Growth in the world’s cities is exploding. Today, more people live in urban areas than in rural areas. By 2050, 66 percent of the world’s people are expected to live in cities, fueling unprecedented demand for food. Especially in low- and middle-income countries (LMICs) in Asia, Africa, and Latin America, feeding urban populations has become an urgent and critical challenge.

As cities grow, diets are changing. Urban consumers are demanding a more diversified diet, including fruits, vegetables, dairy, and meat, and are increasingly consuming processed foods. Accompanying these shifts is the transformation of supply chains, affecting farmers, small- and medium-sized enterprises (SMEs), and consumers. A process has begun, which will continue for decades, that is transforming food systems from farm to fork.
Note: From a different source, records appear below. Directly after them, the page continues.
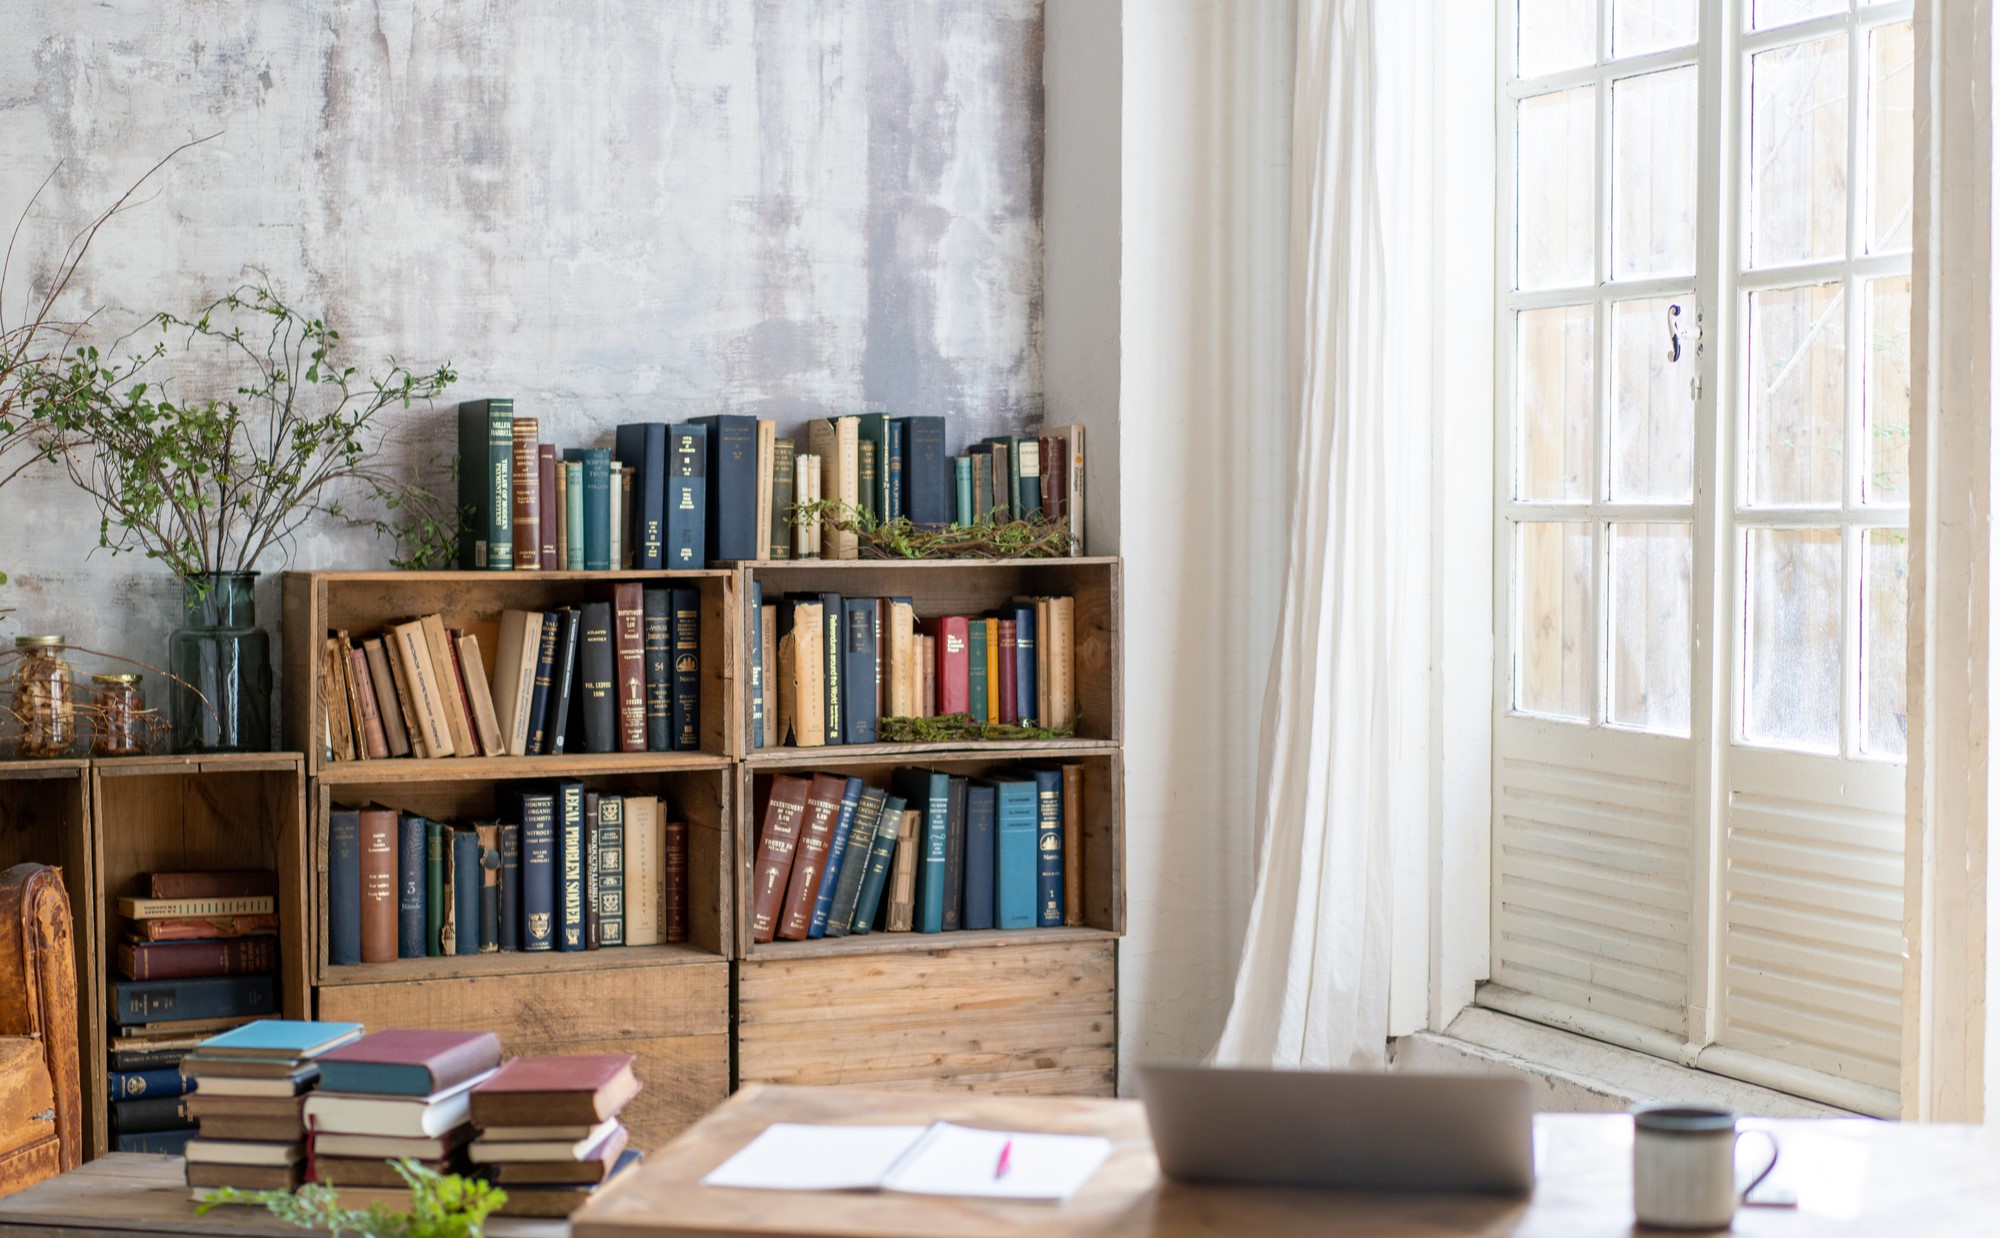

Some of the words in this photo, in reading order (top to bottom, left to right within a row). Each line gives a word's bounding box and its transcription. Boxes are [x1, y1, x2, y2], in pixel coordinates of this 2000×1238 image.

[566, 788, 579, 825] LEGAL
[770, 800, 804, 812] RESTATEMENT
[808, 799, 840, 811] RESTATEMENT
[779, 814, 790, 822] LAW
[764, 838, 784, 847] TRUSTS
[803, 837, 822, 846] TRUSTS
[566, 826, 579, 880] PROBLEM
[407, 882, 415, 894] 3
[566, 881, 580, 924] SOLVER
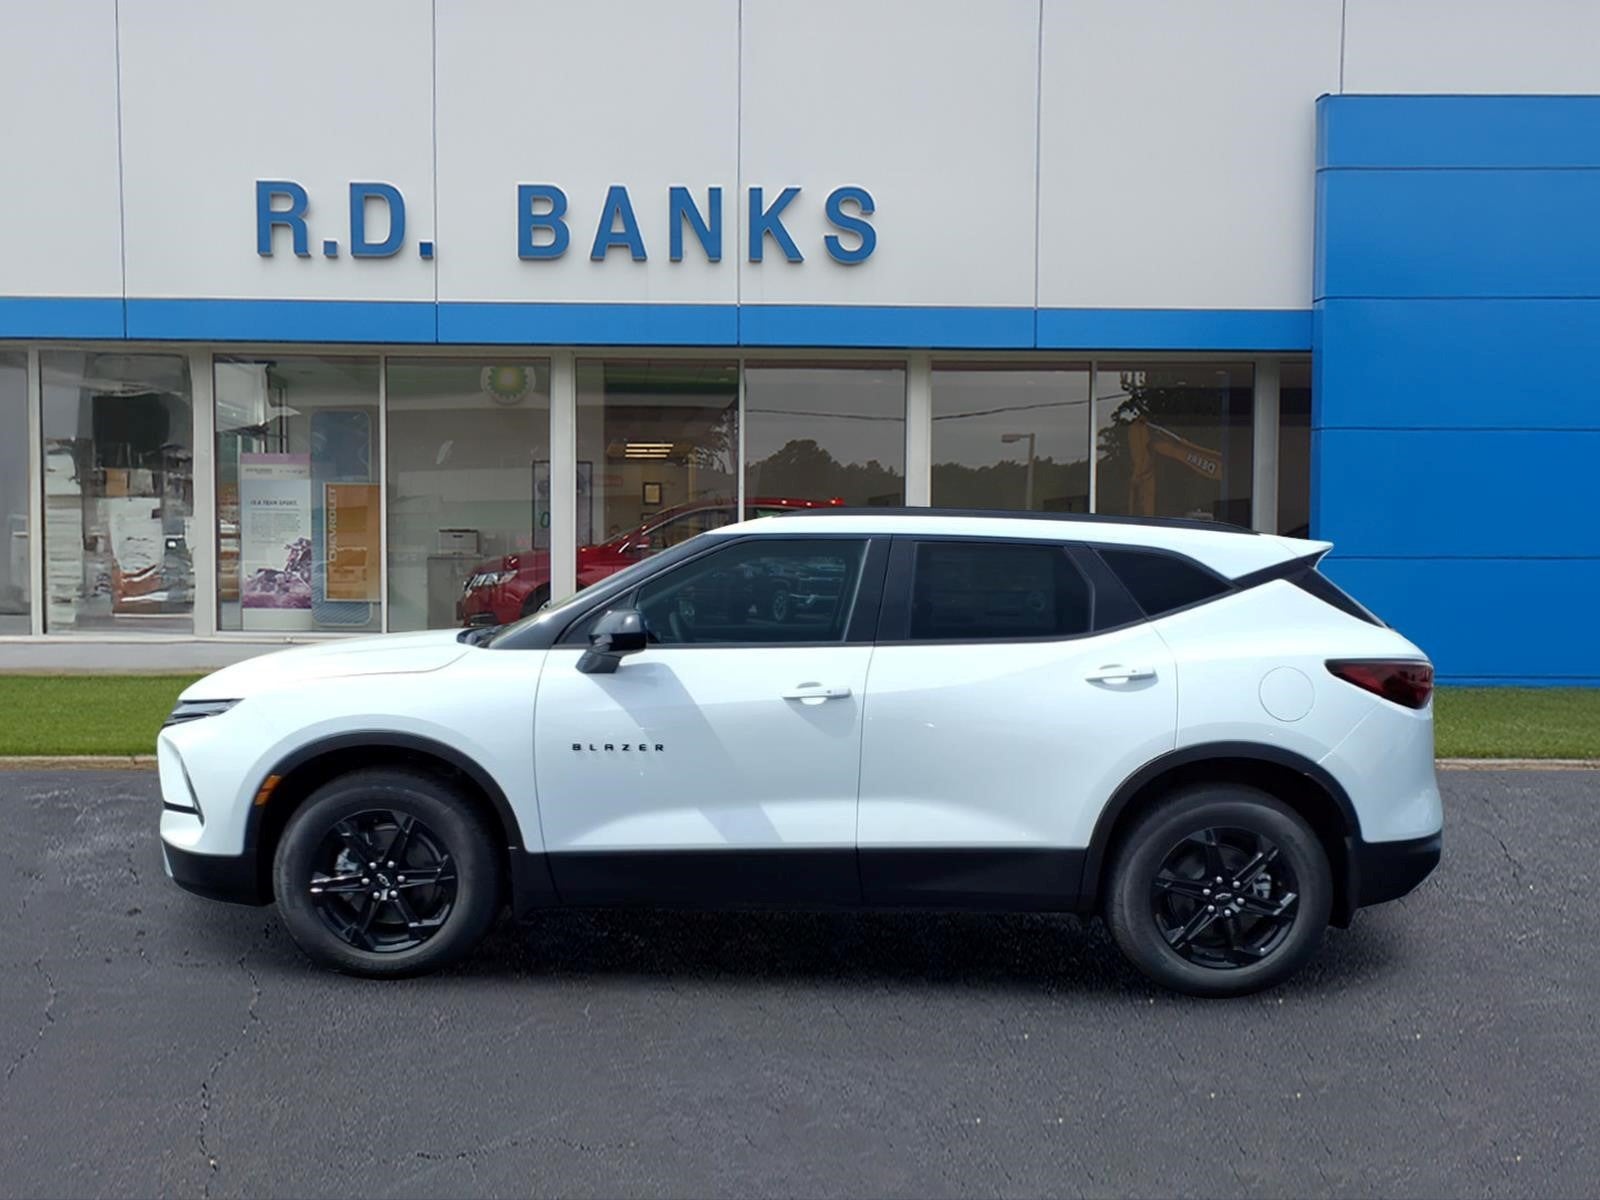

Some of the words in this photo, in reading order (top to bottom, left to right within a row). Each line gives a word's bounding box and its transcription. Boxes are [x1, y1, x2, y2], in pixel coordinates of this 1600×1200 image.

[256, 180, 434, 258] R.D.
[517, 184, 877, 264] BANKS
[328, 488, 336, 562] CHEVROLET
[571, 743, 665, 751] BLAZER
These trends are occurring alongside other pressures on food systems. Explosive population growth, both rural and urban, will require 50 to 60 percent increases in global food production by 2050 in order to meet demand. Climate change is increasing weather volatility such as droughts, floods, and natural disasters. Obesity rates are skyrocketing, even as nearly 800 million people worldwide are still chronically hungry and two billion suffer from micronutrient deficiency, creating a triple burden of malnutrition. Refugees are migrating across the globe in the highest numbers since World War II. In the face of these challenges, it is clear that coordinated support and commitment to the development of nutritious, safe, affordable, and sustainable food systems in rapidly urbanizing LMICs is essential to global food security.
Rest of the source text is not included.